The audience always has an important role at the Globe, its relationship to the action on stage being more direct and intimate than is possible in a darkened theatre.
In Mark Rylance's production of Julius Caesar, the groundlings are recruited to stand in for the citizens of Rome, out for a good time at the feast of Lupercal, persuaded by Brutus's logic and then swayed against him by Antony's rhetoric. This is a risky ploy; the actors "planted" among them in informal 20th-century dress may incite a riot or, alternatively, may elicit no response at all.
On the press night, the "citizens", many of them students, were just too well-behaved - and Antony had to work very hard to move them to react and join in the demands to see Caesar's will.
If Antony (Mark Lewis Jones) and Brutus (Danny Sapani) sometimes seemed somewhat under-powered in the circumstances, there is still much to enjoy in this "authentic" production, not least Richard Bremmer's sharp and sinewy Cassius.
Costume is Elizabethan doublet and hose, with token togas slung over them for the murder of Caesar and armour for battle. There is little if any visual evidence for this, but there are various hints in the text. The brutal murder of Cinna the poet has enormous impact, being perpetrated by actors, dressed in jeans and baseball caps, emerging from the crowd.
Young men play the two female roles, Portia and Calpurnia, convincingly, with Toby Cockerell doubling as Brutus's wife and the young Octavius.
It is 400 years since the first Globe opened its doors and the inaugural production may have been Julius Caesar.
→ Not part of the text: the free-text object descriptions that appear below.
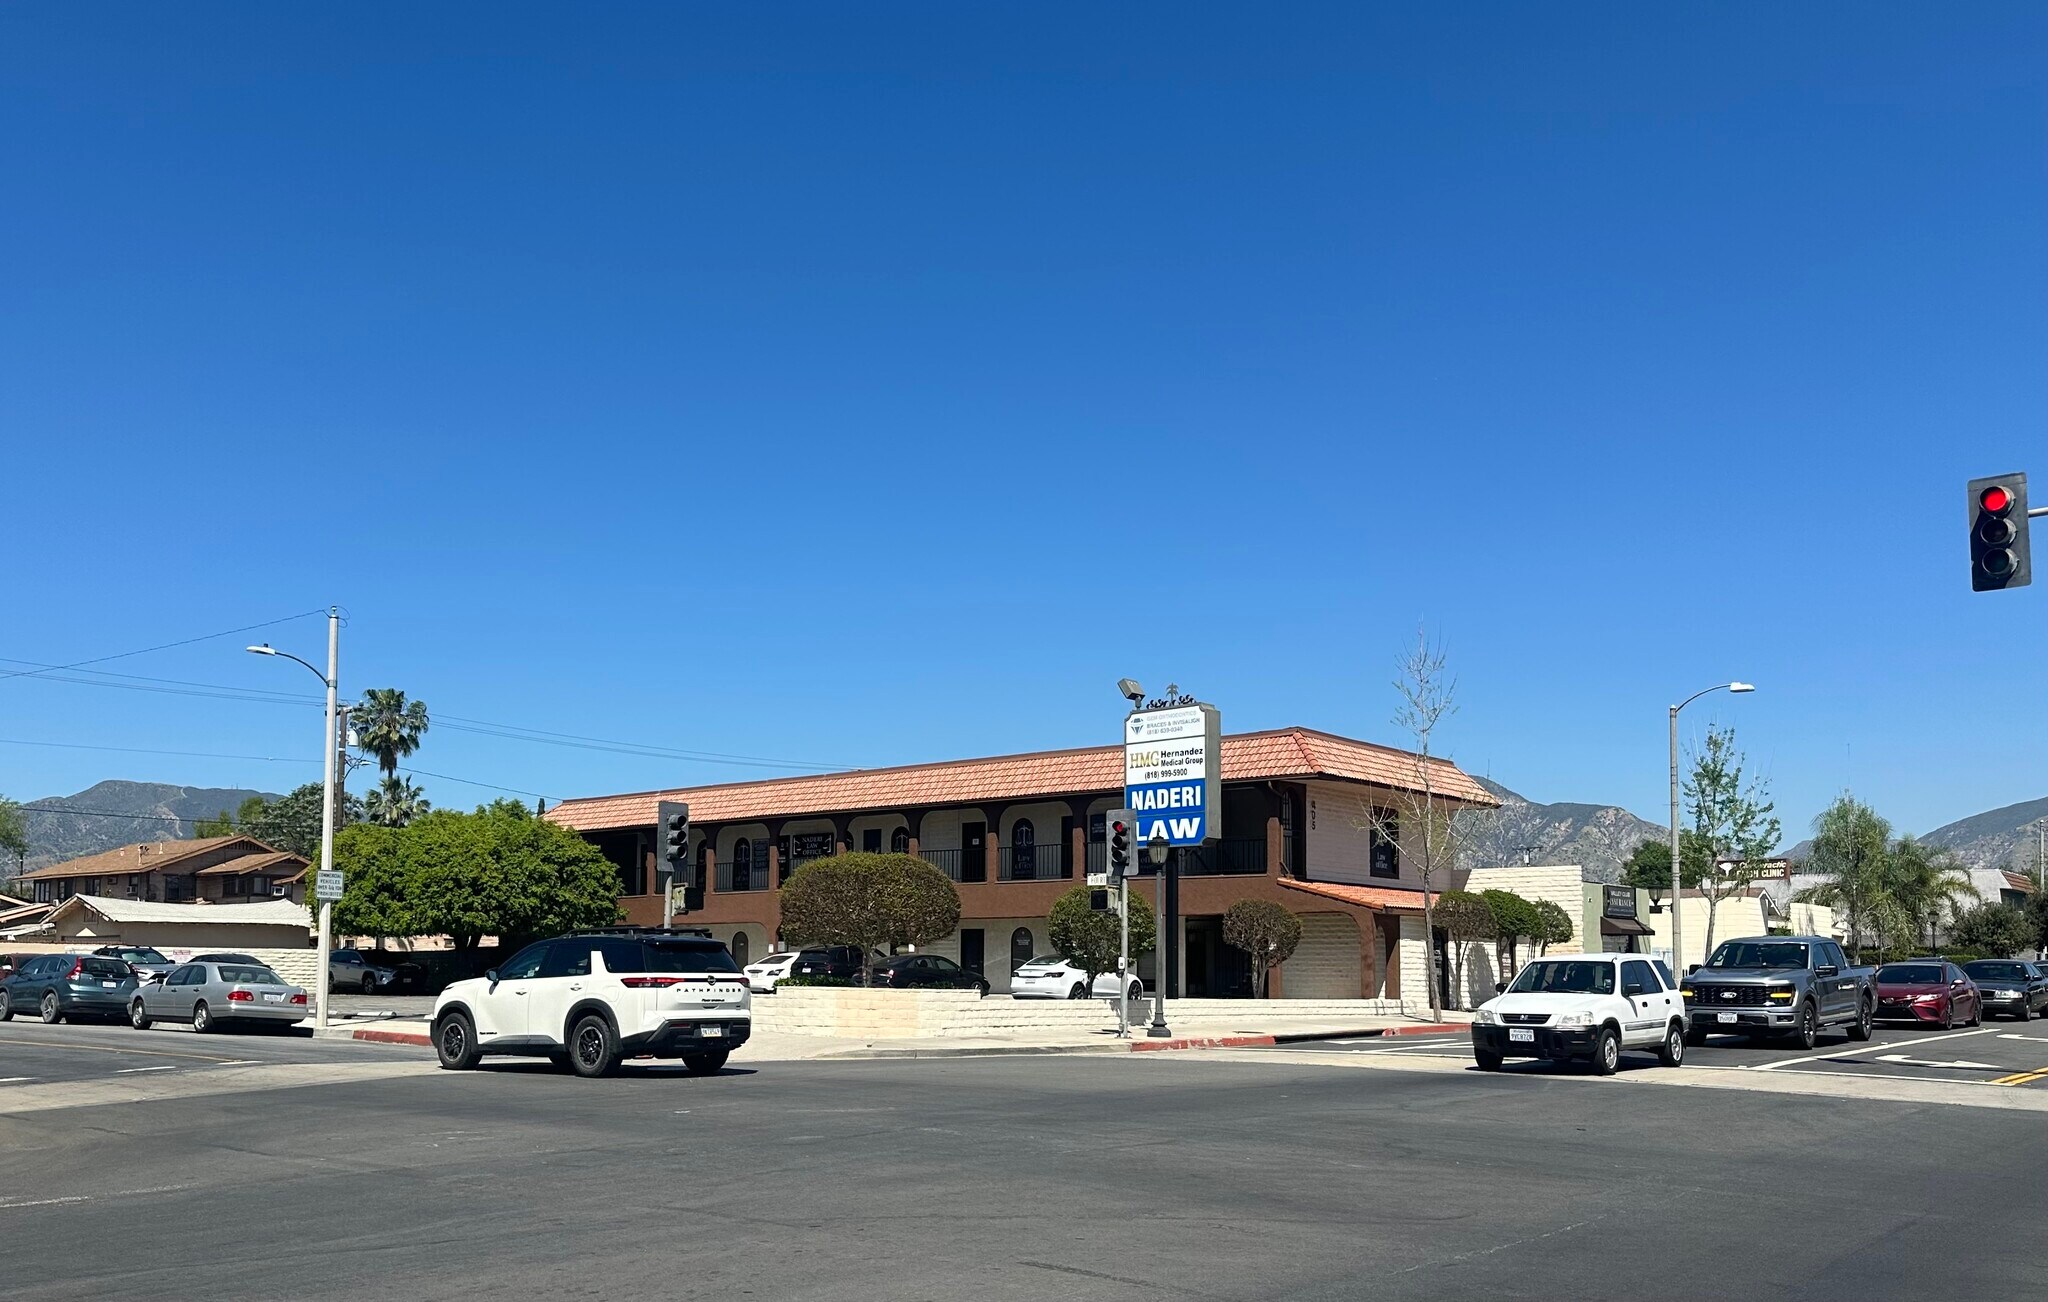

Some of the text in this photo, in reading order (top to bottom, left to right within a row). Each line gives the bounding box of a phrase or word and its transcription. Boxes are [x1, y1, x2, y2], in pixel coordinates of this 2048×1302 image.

[1158, 710, 1197, 720] ORTHODONTICS
[1146, 721, 1167, 729] BRACES
[1172, 717, 1201, 726] INVISALIGN
[1160, 747, 1204, 759] Hernandez
[1129, 750, 1160, 769] HMG
[1160, 756, 1204, 767] Medical Group
[1144, 767, 1188, 781] (818) 999-5900
[1131, 785, 1201, 811] NADERI
[1136, 817, 1201, 841] LAW
[1761, 869, 1785, 878] CLINIC
In September 1599, the traveller Thomas Platter reported that he saw a cast of only 15 perform the play (hence the assumption that the original audience, in the "modern" dress of the time, provided the citizenry) and that it ended with a jig.
Platter very much enjoyed the play's ending - and so does the modern audience, when they are treated to a spirited jig performed by the entire cast.